**Requirement**
Write out each entry, exactly the way it appears.

**Exercise materials**
◇ ◇ ◇ ◇
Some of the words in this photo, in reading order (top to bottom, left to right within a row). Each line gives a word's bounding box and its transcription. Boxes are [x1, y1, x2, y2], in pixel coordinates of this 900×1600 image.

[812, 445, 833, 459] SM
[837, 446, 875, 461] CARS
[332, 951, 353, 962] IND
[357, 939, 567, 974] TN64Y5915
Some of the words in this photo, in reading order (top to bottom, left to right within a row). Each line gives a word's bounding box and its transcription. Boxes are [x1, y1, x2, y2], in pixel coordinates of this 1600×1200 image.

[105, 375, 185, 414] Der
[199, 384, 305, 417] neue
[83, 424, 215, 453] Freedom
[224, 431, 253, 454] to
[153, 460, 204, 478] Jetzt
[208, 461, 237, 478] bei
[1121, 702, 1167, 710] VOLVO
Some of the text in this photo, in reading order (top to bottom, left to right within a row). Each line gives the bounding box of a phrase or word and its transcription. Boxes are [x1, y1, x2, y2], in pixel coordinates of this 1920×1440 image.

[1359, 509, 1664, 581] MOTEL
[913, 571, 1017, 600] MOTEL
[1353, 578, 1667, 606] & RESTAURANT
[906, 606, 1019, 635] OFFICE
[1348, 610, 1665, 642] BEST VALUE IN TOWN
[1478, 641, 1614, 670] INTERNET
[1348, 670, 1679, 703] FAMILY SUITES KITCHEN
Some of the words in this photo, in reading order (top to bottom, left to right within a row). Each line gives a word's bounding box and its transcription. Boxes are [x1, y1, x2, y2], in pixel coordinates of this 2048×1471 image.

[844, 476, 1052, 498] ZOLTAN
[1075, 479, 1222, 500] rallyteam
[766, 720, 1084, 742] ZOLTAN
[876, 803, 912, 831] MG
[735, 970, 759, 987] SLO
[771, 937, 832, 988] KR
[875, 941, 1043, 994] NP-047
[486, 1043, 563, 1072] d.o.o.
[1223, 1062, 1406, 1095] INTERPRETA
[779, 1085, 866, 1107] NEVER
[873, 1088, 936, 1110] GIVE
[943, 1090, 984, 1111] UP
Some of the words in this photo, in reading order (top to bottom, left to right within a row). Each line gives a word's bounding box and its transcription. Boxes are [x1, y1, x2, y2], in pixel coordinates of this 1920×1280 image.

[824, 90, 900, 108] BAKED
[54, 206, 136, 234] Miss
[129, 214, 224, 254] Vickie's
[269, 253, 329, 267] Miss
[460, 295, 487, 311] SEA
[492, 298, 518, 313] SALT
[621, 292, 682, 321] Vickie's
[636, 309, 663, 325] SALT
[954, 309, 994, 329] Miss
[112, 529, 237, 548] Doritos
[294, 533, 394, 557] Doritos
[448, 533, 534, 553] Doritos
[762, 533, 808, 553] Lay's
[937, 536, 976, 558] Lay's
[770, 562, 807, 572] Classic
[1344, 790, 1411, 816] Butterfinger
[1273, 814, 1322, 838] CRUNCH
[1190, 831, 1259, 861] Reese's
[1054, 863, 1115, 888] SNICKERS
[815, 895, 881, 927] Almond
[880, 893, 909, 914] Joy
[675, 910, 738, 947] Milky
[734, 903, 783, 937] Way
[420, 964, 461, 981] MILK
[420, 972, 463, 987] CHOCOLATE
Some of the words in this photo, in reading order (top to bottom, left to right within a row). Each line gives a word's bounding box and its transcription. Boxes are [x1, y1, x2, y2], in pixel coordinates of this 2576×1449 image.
◇ ◇ ◇ ◇
**Result of this task**
Some of the words in this photo, in reading order (top to bottom, left to right within a row). Each line gives a word's bounding box and its transcription. Boxes are [x1, y1, x2, y2], in pixel coordinates of this 900×1600 image.

[812, 445, 833, 459] SM
[837, 446, 875, 461] CARS
[332, 951, 353, 962] IND
[357, 939, 567, 974] TN64Y5915
Some of the words in this photo, in reading order (top to bottom, left to right within a row). Each line gives a word's bounding box and its transcription. Boxes are [x1, y1, x2, y2], in pixel coordinates of this 1600×1200 image.

[105, 375, 185, 414] Der
[199, 384, 305, 417] neue
[83, 424, 215, 453] Freedom
[224, 431, 253, 454] to
[153, 460, 204, 478] Jetzt
[208, 461, 237, 478] bei
[1121, 702, 1167, 710] VOLVO
Some of the text in this photo, in reading order (top to bottom, left to right within a row). Each line gives the bounding box of a phrase or word and its transcription. Boxes are [x1, y1, x2, y2], in pixel coordinates of this 1920×1440 image.

[1359, 509, 1664, 581] MOTEL
[913, 571, 1017, 600] MOTEL
[1353, 578, 1667, 606] & RESTAURANT
[906, 606, 1019, 635] OFFICE
[1348, 610, 1665, 642] BEST VALUE IN TOWN
[1478, 641, 1614, 670] INTERNET
[1348, 670, 1679, 703] FAMILY SUITES KITCHEN
Some of the words in this photo, in reading order (top to bottom, left to right within a row). Each line gives a word's bounding box and its transcription. Boxes are [x1, y1, x2, y2], in pixel coordinates of this 2048×1471 image.

[844, 476, 1052, 498] ZOLTAN
[1075, 479, 1222, 500] rallyteam
[766, 720, 1084, 742] ZOLTAN
[876, 803, 912, 831] MG
[735, 970, 759, 987] SLO
[771, 937, 832, 988] KR
[875, 941, 1043, 994] NP-047
[486, 1043, 563, 1072] d.o.o.
[1223, 1062, 1406, 1095] INTERPRETA
[779, 1085, 866, 1107] NEVER
[873, 1088, 936, 1110] GIVE
[943, 1090, 984, 1111] UP
Some of the words in this photo, in reading order (top to bottom, left to right within a row). Each line gives a word's bounding box and its transcription. Boxes are [x1, y1, x2, y2], in pixel coordinates of this 1920×1280 image.

[824, 90, 900, 108] BAKED
[54, 206, 136, 234] Miss
[129, 214, 224, 254] Vickie's
[269, 253, 329, 267] Miss
[460, 295, 487, 311] SEA
[492, 298, 518, 313] SALT
[621, 292, 682, 321] Vickie's
[636, 309, 663, 325] SALT
[954, 309, 994, 329] Miss
[112, 529, 237, 548] Doritos
[294, 533, 394, 557] Doritos
[448, 533, 534, 553] Doritos
[762, 533, 808, 553] Lay's
[937, 536, 976, 558] Lay's
[770, 562, 807, 572] Classic
[1344, 790, 1411, 816] Butterfinger
[1273, 814, 1322, 838] CRUNCH
[1190, 831, 1259, 861] Reese's
[1054, 863, 1115, 888] SNICKERS
[815, 895, 881, 927] Almond
[880, 893, 909, 914] Joy
[675, 910, 738, 947] Milky
[734, 903, 783, 937] Way
[420, 964, 461, 981] MILK
[420, 972, 463, 987] CHOCOLATE
Some of the words in this photo, in reading order (top to bottom, left to right within a row). Each line gives a word's bounding box and its transcription. Boxes are [x1, y1, x2, y2], in pixel coordinates of this 2576×1449 image.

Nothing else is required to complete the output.